Selepas Ngelaba, Budi makin mantap dengan dunia komedi yang digelutinya. Ia sempat ikut terlibat dalam beberapa serial komedi situasi, mulai jadi pemain hingga penulis naskah.

Lama-kelamaan, Budi pun menemukan ciri khasnya di dunia humor: seni mencela diri sendiri. Ia menyebutnya sebagai gaya mengebom diri sendiri. Budi juga mengungkapkan tiap orang punya jalan yang bisa dikembangkan sendiri.

Soal nama belakangnya, Anduk, tutur Budi, dia punya kisahnya sendiri. Nama Anduk adalah julukan yang diberikan teman-temannya karena kegemarannya berkalung handuk ke mana pun ia pergi. karena habis saya gampang keringatan.

Walau seorang komedian, dalam keseharian Budi bukan tipe yang gemar melempar guyonan di setiap kesempatan. Malah ia mengaku cenderung tak suka orang yang gemar bercanda secara berlebihan.

Dalam melempar humor, pria berdarah Jawa ini merasa lebih akrab dengan ungkapan-ungkapan Betawi sebagaimana ia dibesarkan. Yang jelas, Budi berharap suatu saat namanya bisa dikenang orang karena ciri khas yang membedakannya dengan komedian lain, seperti halnya Djodjon atau Bolot.

Budi tak menampik kenyataan dalam dunia komedi Indonesia yang masih sering main fisik. Ini tak terhindarkan, tapi justru jadi ciri khas komedi Indonesia. “Seperti Warkop DKI atau Mr. Bean yang sampai sekarang masih digemari.
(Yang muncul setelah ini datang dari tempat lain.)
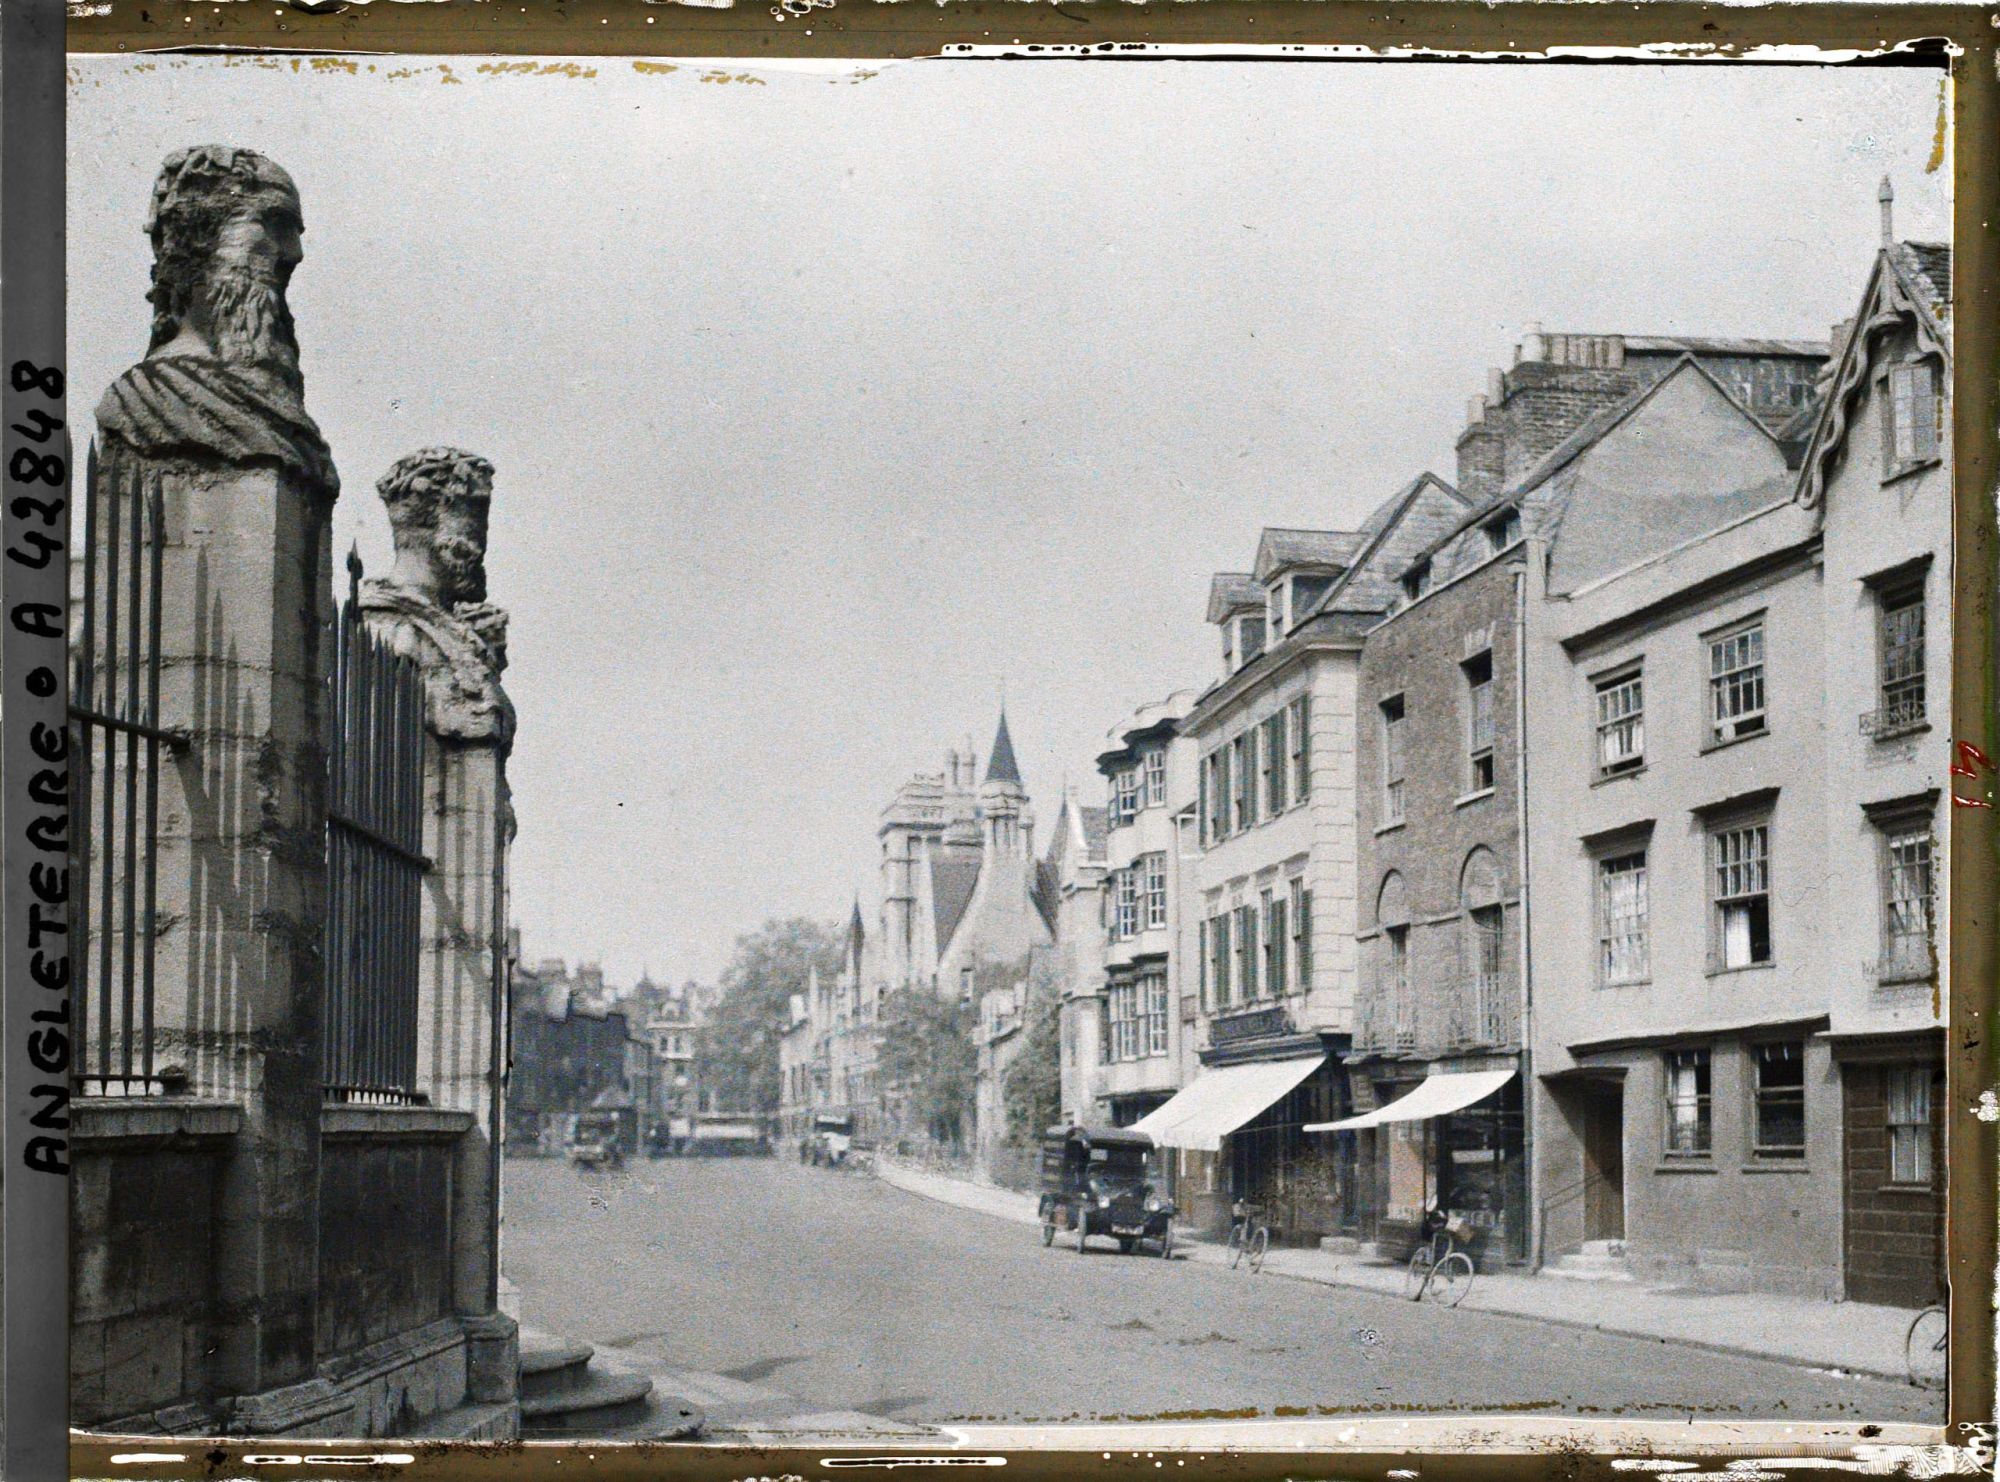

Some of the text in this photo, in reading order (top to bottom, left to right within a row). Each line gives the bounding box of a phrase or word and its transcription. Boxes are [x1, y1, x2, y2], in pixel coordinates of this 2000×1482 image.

[6, 359, 68, 1176] ANGLETERRE A 42848
Nggak lucu kalau tidak ada slapstiknya,” Budi menjelaskan.

Meski bagi sebagian orang slapstik bikin menderita, Budi menggangapnya sebagai harga yang harus dibayar untuk sebuah kelucuan. Sebagai sosok yang selalu jadi obyek penderita dari adegan-adegan slapstik, Budi punya resep sendiri: “Jalani penderitaan dengan ikhlas.”